PROBLEM TO WORK ON:
Repeat the data verbatim, images excluded.

Referring expression grounding data:
----
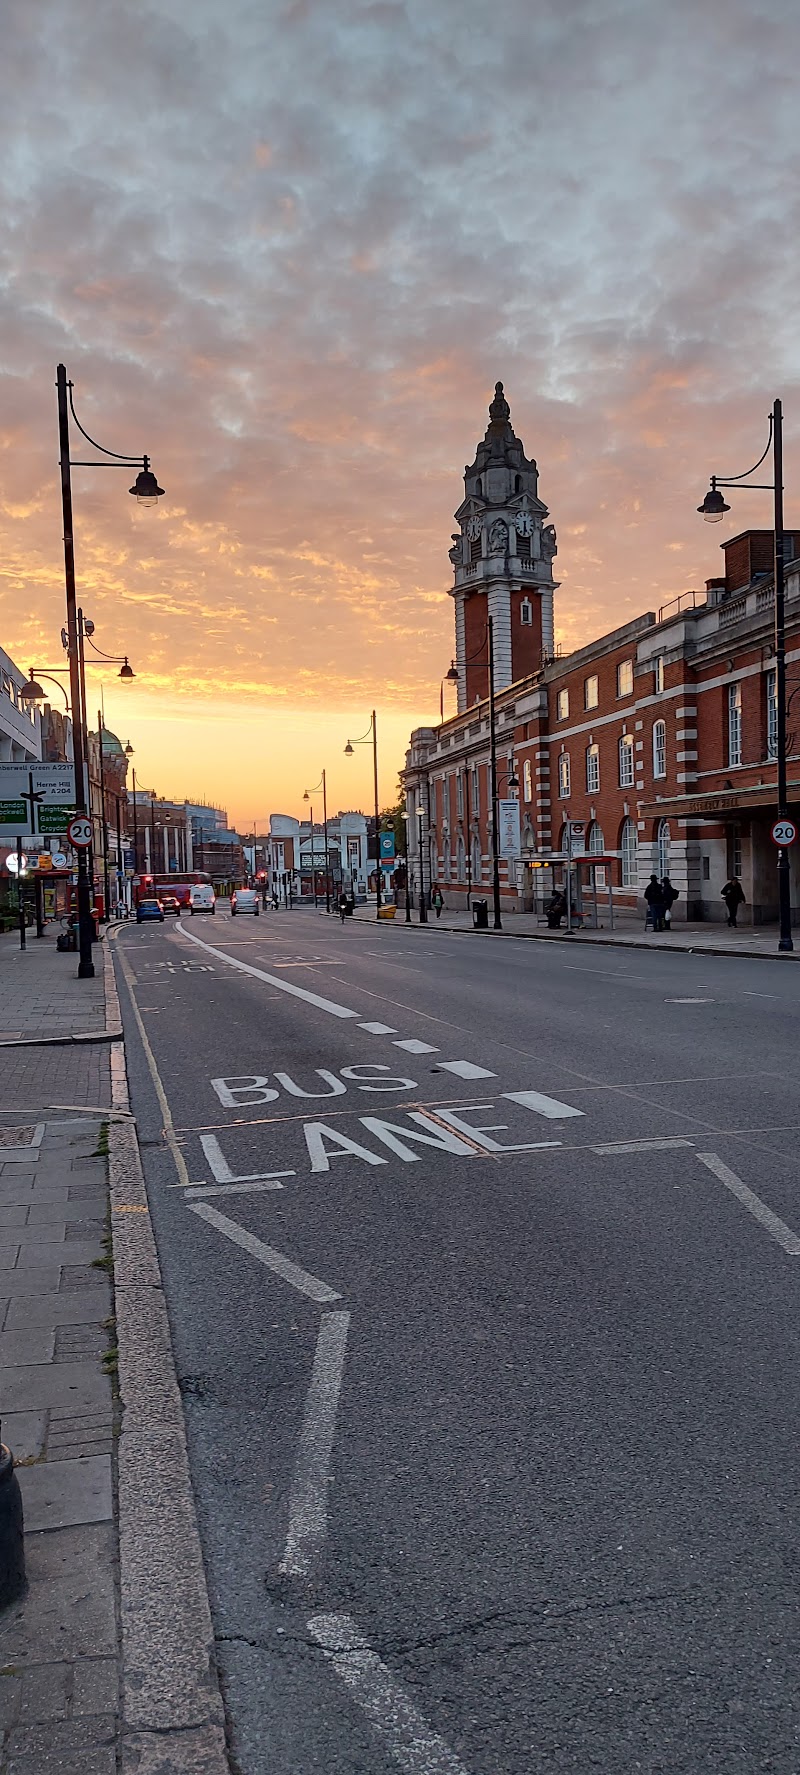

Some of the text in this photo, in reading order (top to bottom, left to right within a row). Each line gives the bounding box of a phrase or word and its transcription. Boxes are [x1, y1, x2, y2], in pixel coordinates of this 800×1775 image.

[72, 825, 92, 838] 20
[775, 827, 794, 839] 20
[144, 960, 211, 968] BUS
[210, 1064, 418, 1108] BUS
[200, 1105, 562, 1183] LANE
----
PROBLEM SOLUTION:
Some of the text in this photo, in reading order (top to bottom, left to right within a row). Each line gives the bounding box of a phrase or word and its transcription. Boxes are [x1, y1, x2, y2], in pixel coordinates of this 800×1775 image.

[72, 825, 92, 838] 20
[775, 827, 794, 839] 20
[144, 960, 211, 968] BUS
[210, 1064, 418, 1108] BUS
[200, 1105, 562, 1183] LANE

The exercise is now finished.